TOKYO, JAPAN – AUGUST 23: Bank of Japan Governor Kazuo Ueda attends a meeting of the Lower House of Parliament Financial Affairs Committee on August 23, 2024 in Tokyo, Japan.
Tomohiro Ohsumi | Getty Images News
The Bank of Japan is widely expected to stick with monetary policy tightening as inflationary pressures in the capital Tokyo reaffirm the bank’s economic forecasts. But market participants remain divided over the timing of the next rate hike.
“My money is on another rate hike in October,” Stefan Angrick, senior economist at Moody’s Analytics, told CNBC via email. He expects at least one more rate hike in 2025. One rate hike could be as early as January.
Angelique said Japan is likely to continue to experience “jump” inflation in the short term, noting that the government is working to cut energy subsidies. While Prime Minister Fumio Kishida promised to extend support for household utility bills, he admitted the measures “can’t last forever”.

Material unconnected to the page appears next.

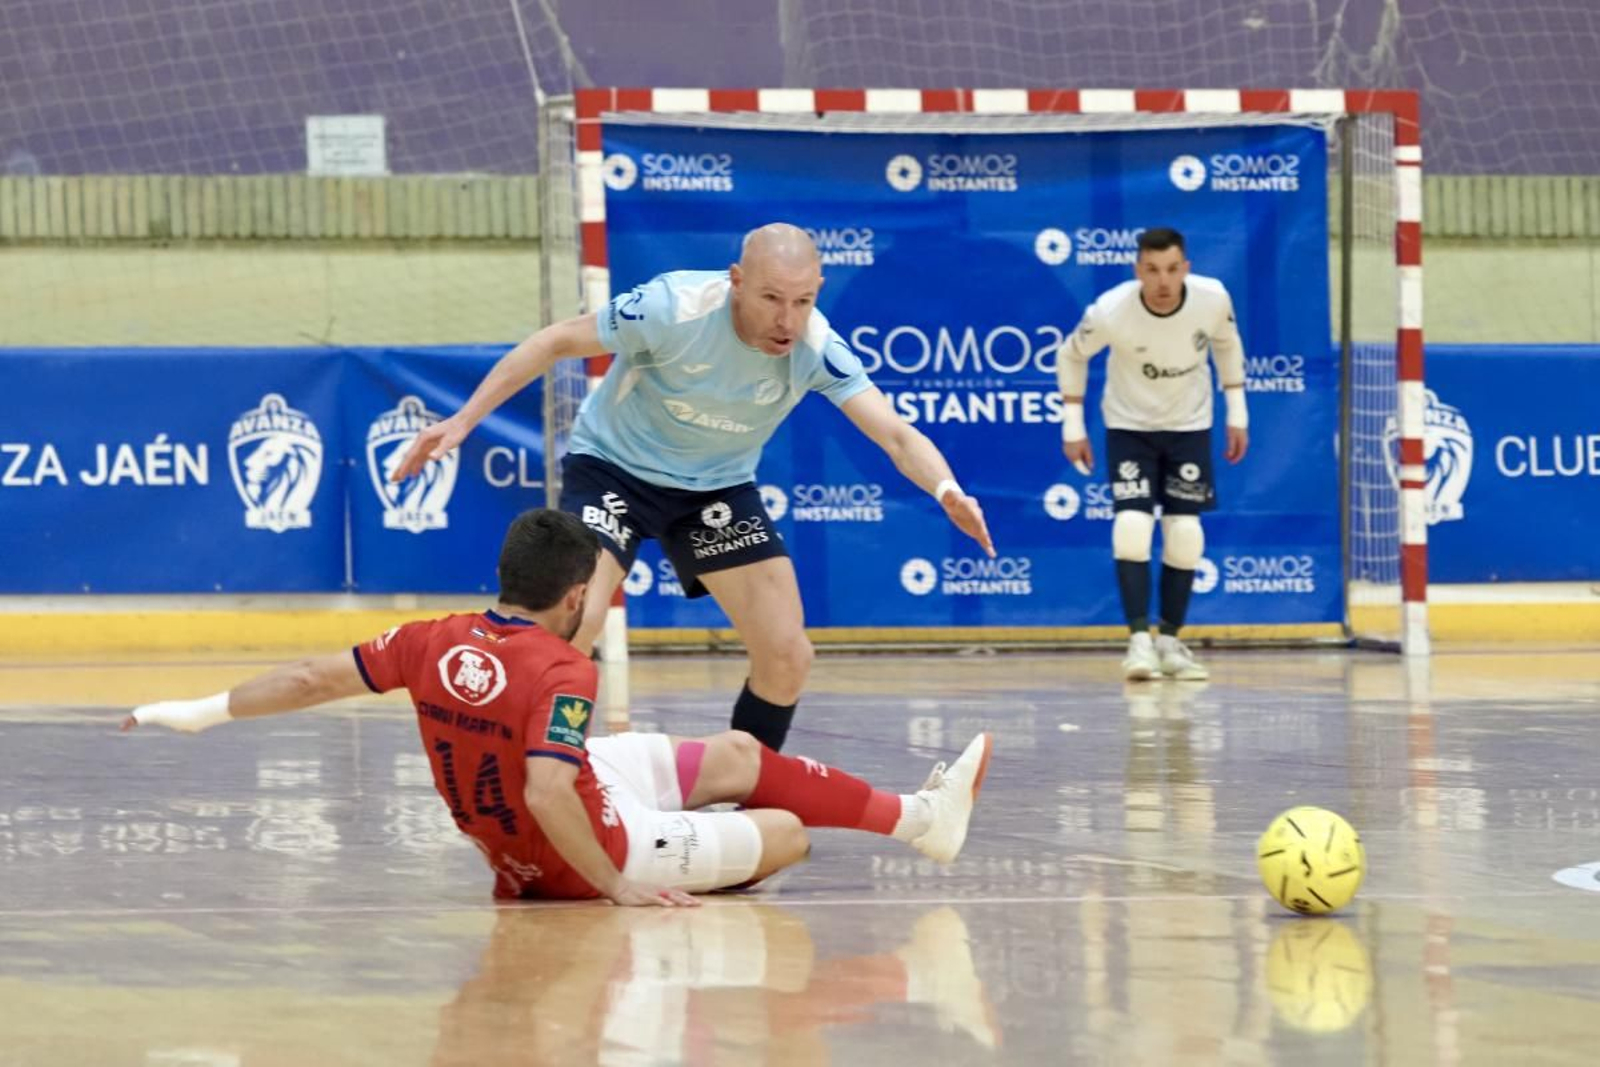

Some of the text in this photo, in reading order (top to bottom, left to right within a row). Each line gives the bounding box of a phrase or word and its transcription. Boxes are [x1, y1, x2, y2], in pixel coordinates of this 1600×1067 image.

However, Kazuo Momma, a former BOJ official and now executive economist at Mizuho Research Technologies, expects the central bank to keep interest rates unchanged in October. His base forecast includes a rate hike to 0.5% in January and a further hike to 0.75% in July. Momma said this will bring Japan’s monetary policy to its final position in this tightening cycle.
Friday data shows Overall inflation in Japan’s capital Tokyo Annual growth accelerated to 2.6% in August, up from 2.2% in July. After excluding the volatile cost of fresh food, core inflation rose 2.4% from the same period last year. That was faster than the median forecast and July’s 2.2% pace, marking the fourth consecutive month of acceleration.
However, Mom said the Bank of Japan’s interest rate hike “is not strong enough”. He said the Bank of Japan had “currently no good reason to act hastily” as it monitors risks in global financial markets.
Moody’s Angrik said the upbeat monthly consumer price index data was affected by recent “policy vagaries,” referring to some counterproductive policies at work. He explained that the government provided some subsidies while scaling back other support measures. He believes this shows “an unwillingness to provide effective support”.
Demand-driven price pressures remain low and employment conditions are softening, Angelique said, noting that the upcoming Liberal Democratic Party elections add further uncertainty to the future policy process.
Japan unemployment rate It also rose to 2.7% in July, up 0.2 percentage points from June, according to government data released on Friday. Economists polled by Reuters had expected the unemployment rate to be 2.5% in July.
“At best, further interest rate increases will further drag on economic growth, and at worst, it could trigger a broader recession,” Angelique said.
Tokyo’s consumer price index, a leading indicator of national trends, has been rising as wages rise across the country, the government tries to phase out energy subsidies and the yen weakens.
But Marcel Thieliant, head of Asia Pacific at Capital Economics, wrote in a client note that underlying inflation should fall below 2% in the coming months.
The Bank of Japan surprised markets in July by raising interest rates to a 15-year high of 0.25% and outlining plans to scale back its massive bond-buying program.
Bank of Japan Governor Kazuo Ueda recently told parliament The central bank is prepared to further raise borrowing costs if inflation continues to rise above its 2% target.